Start of SUPPLIED RECORDS
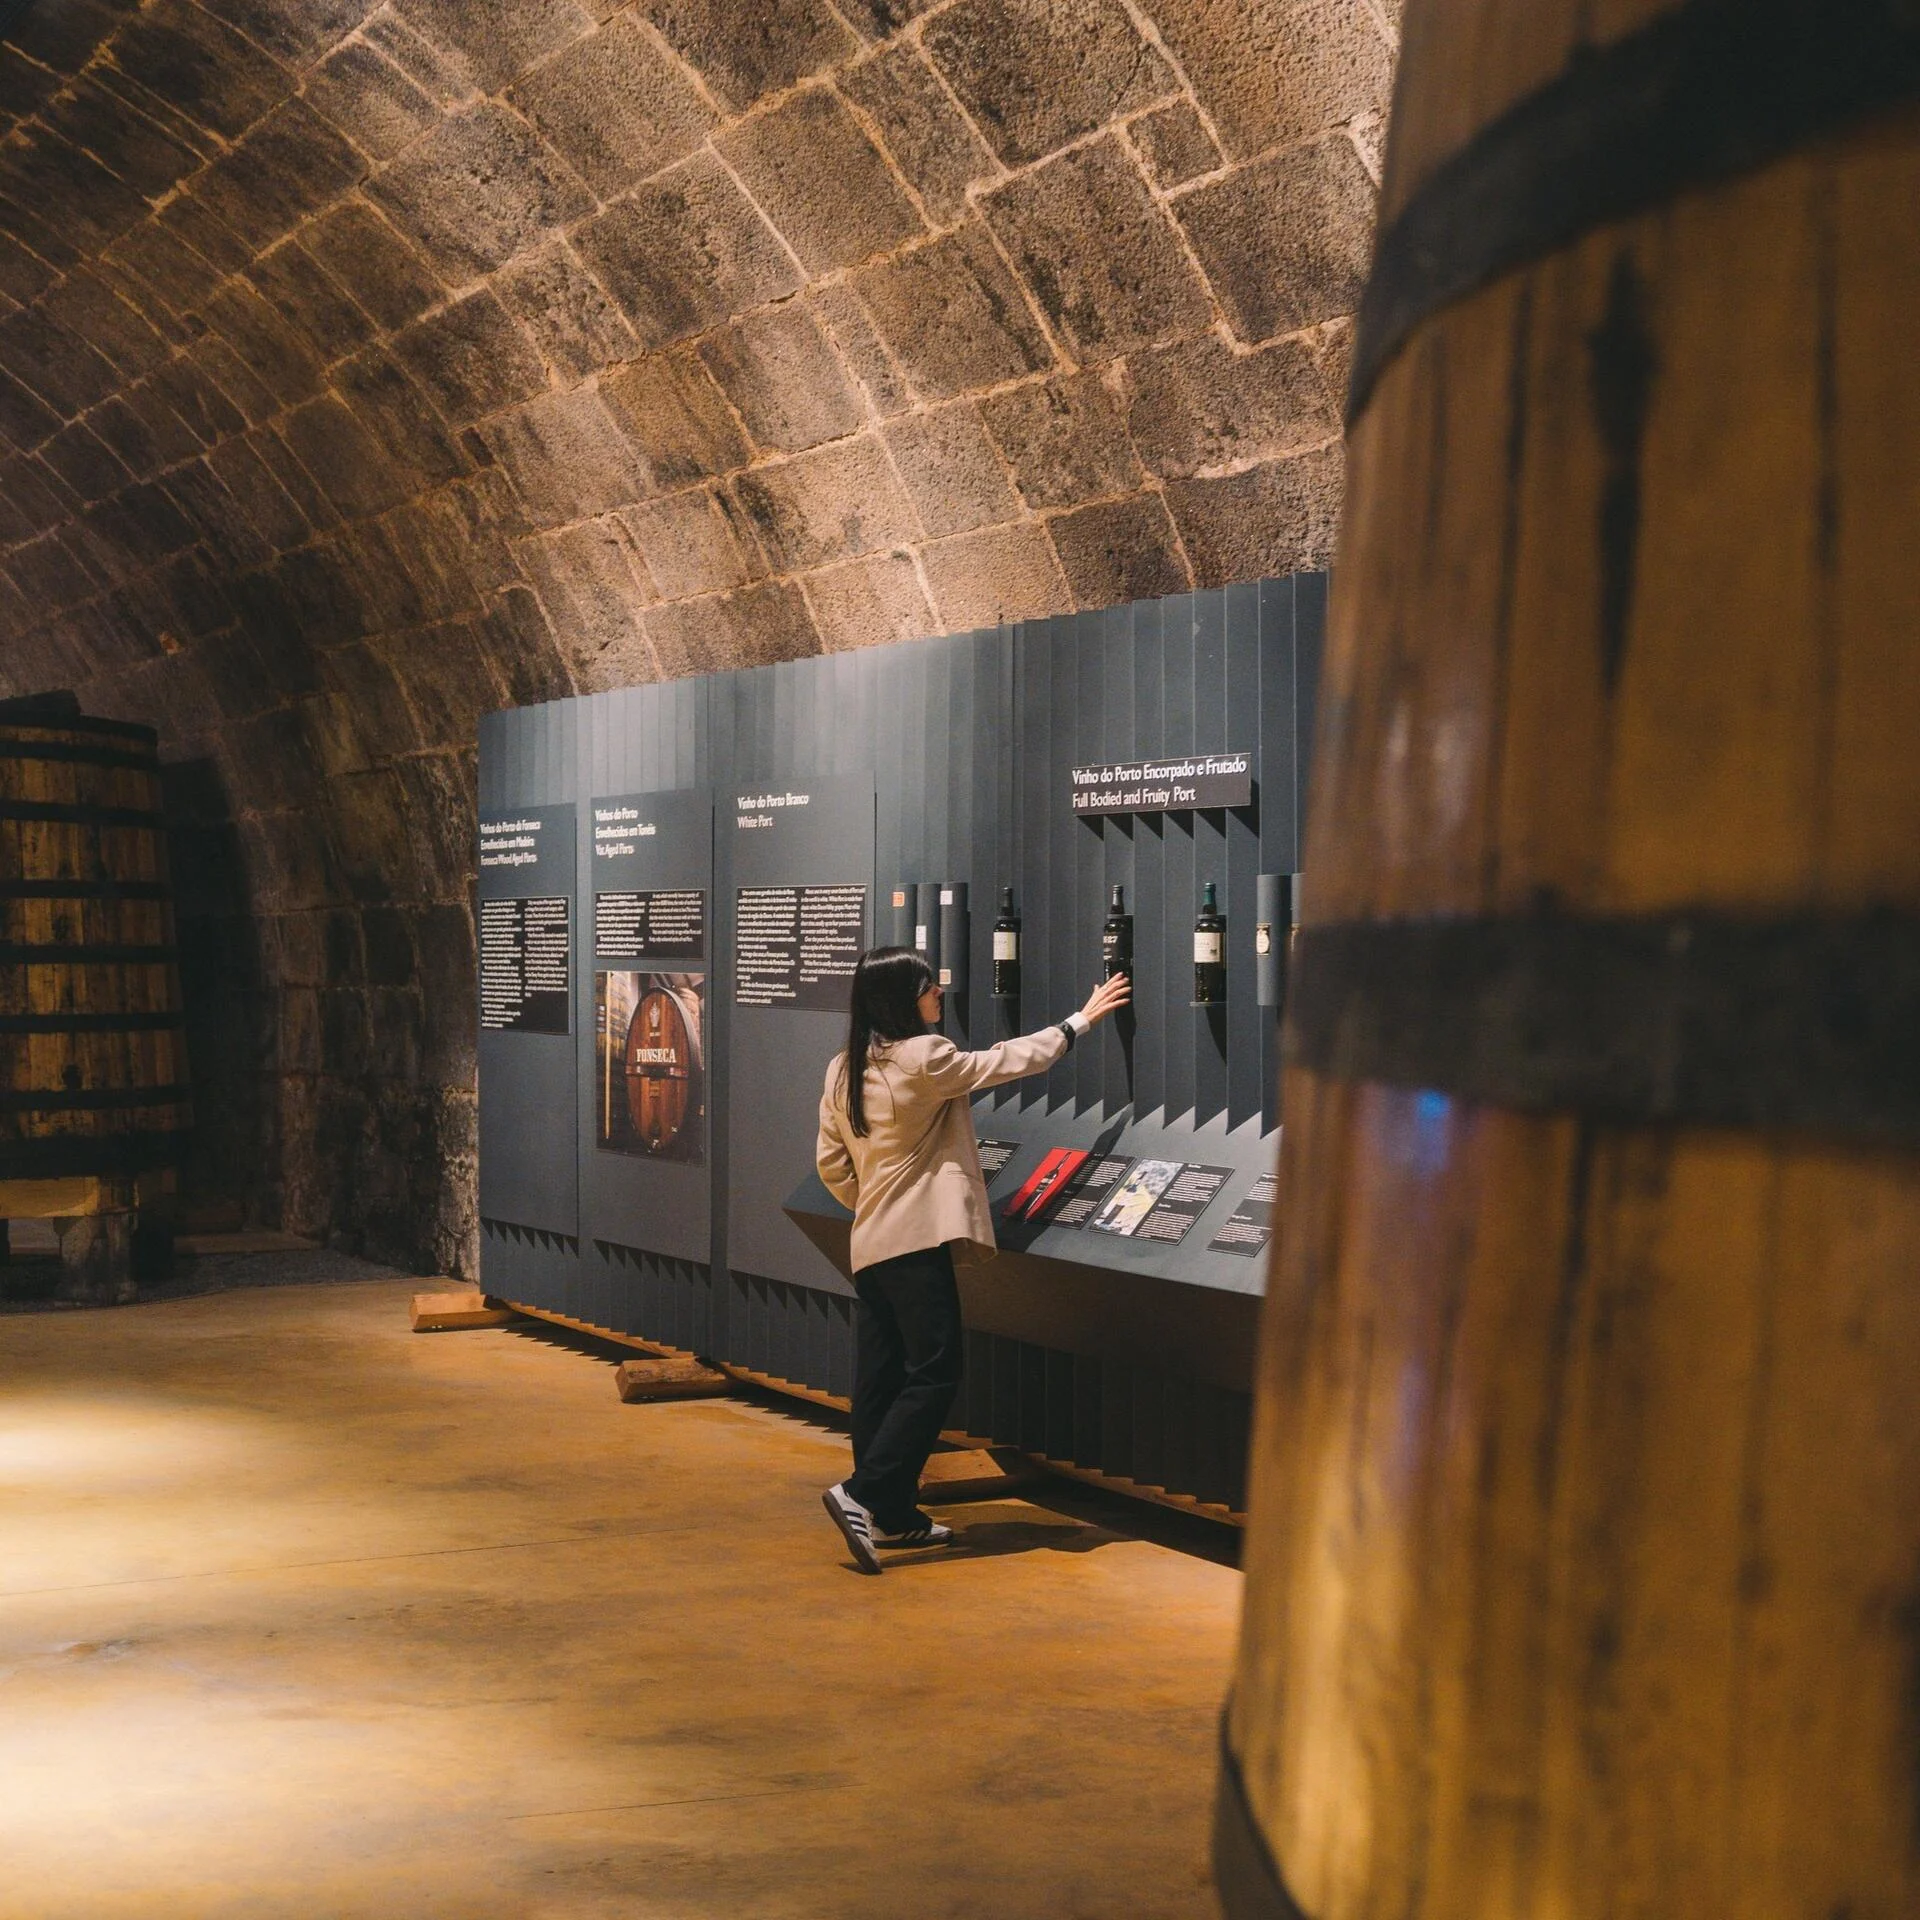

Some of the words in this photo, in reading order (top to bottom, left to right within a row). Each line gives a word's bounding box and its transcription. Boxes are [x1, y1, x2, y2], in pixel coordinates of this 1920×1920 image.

[1072, 769, 1099, 784] Vinho
[1100, 767, 1113, 783] do
[1115, 766, 1142, 782] Porto
[1143, 761, 1195, 782] Encorpado
[1196, 763, 1204, 775] e
[1205, 756, 1247, 775] Frutado
[737, 796, 756, 809] Vinho
[757, 795, 766, 808] do
[766, 794, 785, 807] Porto
[785, 792, 809, 806] Branco
[1072, 792, 1089, 808] Full
[1090, 790, 1122, 807] Bodied
[1123, 789, 1141, 805] and
[1142, 788, 1170, 807] Fruity
[1173, 786, 1196, 802] Port
[613, 808, 621, 820] do
[621, 807, 638, 819] Porto
[737, 815, 757, 829] White
[758, 814, 773, 827] Port
[636, 1048, 677, 1063] FONSECA
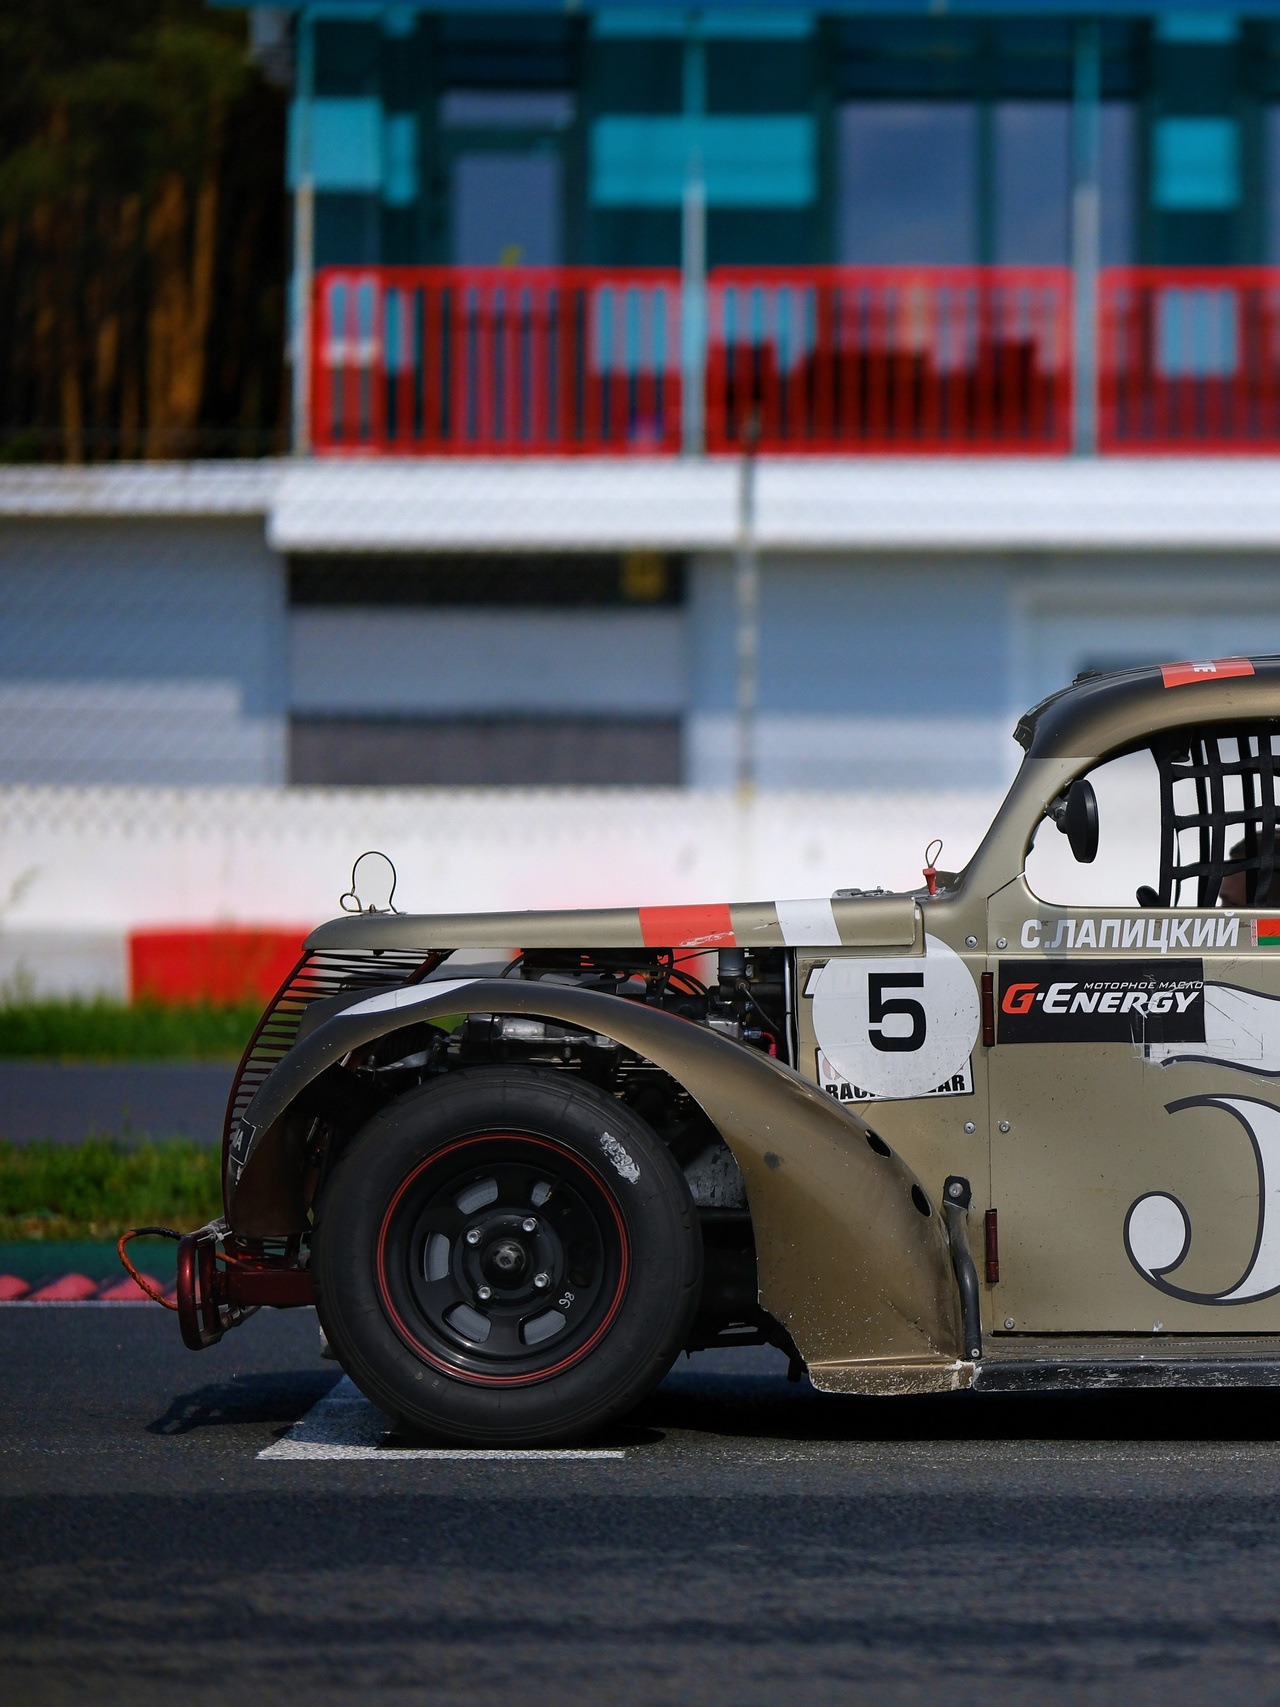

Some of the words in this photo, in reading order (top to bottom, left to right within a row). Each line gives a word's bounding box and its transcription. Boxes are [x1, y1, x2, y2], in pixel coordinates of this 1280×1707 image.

[1083, 982, 1156, 990] МОТОРНОЕ
[868, 972, 927, 1053] 5
[927, 1075, 965, 1094] AR
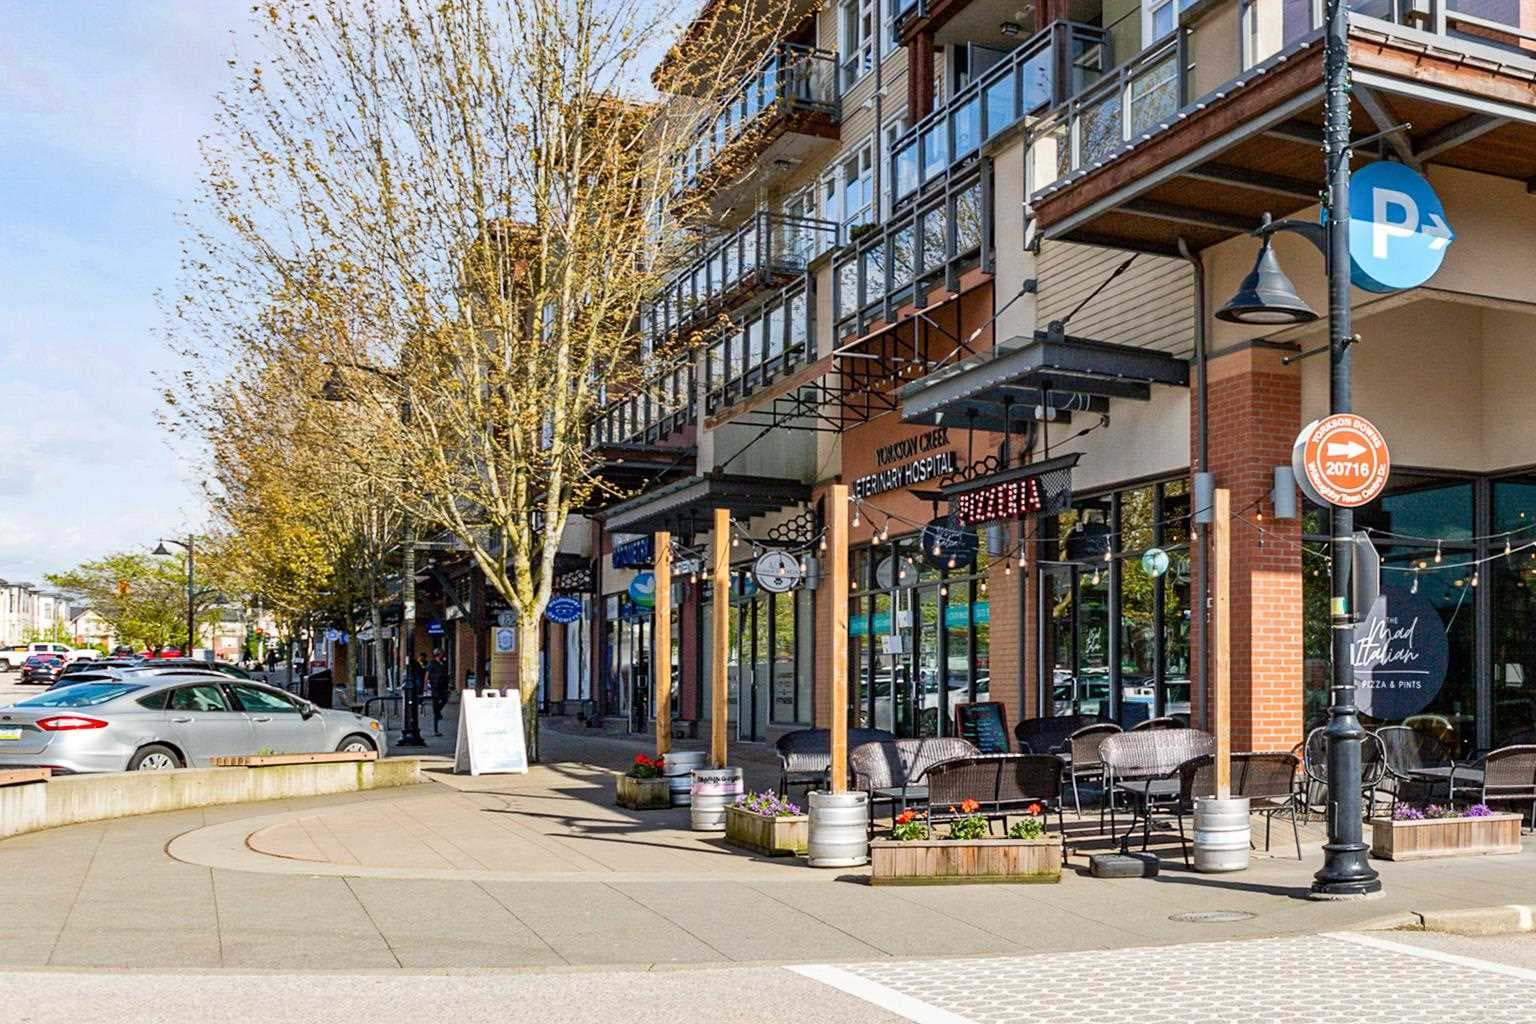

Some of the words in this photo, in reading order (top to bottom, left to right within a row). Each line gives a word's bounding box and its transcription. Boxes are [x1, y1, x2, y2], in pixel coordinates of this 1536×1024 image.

[1373, 187, 1419, 260] P
[919, 426, 950, 453] CREEK
[1353, 419, 1382, 449] DOWNS
[904, 451, 954, 484] HOSPITAL
[1326, 461, 1370, 477] 20716
[1367, 617, 1418, 648] Mad
[1354, 637, 1419, 666] Italian
[1389, 680, 1395, 689] &
[1398, 680, 1422, 689] PINTS
End of SUPPLIED RECORDS
- _TASK STATEMENT_: When you reach the line that contains "this 1280×1707 image.", start reproducing, and continue word for word to the end of the records; skip all pictures.

- _TASK SOLUTION_:
Some of the words in this photo, in reading order (top to bottom, left to right within a row). Each line gives a word's bounding box and its transcription. Boxes are [x1, y1, x2, y2], in pixel coordinates of this 1280×1707 image.

[1083, 982, 1156, 990] МОТОРНОЕ
[868, 972, 927, 1053] 5
[927, 1075, 965, 1094] AR

Some of the words in this photo, in reading order (top to bottom, left to right within a row). Each line gives a word's bounding box and its transcription. Boxes are [x1, y1, x2, y2], in pixel coordinates of this 1536×1024 image.

[1373, 187, 1419, 260] P
[919, 426, 950, 453] CREEK
[1353, 419, 1382, 449] DOWNS
[904, 451, 954, 484] HOSPITAL
[1326, 461, 1370, 477] 20716
[1367, 617, 1418, 648] Mad
[1354, 637, 1419, 666] Italian
[1389, 680, 1395, 689] &
[1398, 680, 1422, 689] PINTS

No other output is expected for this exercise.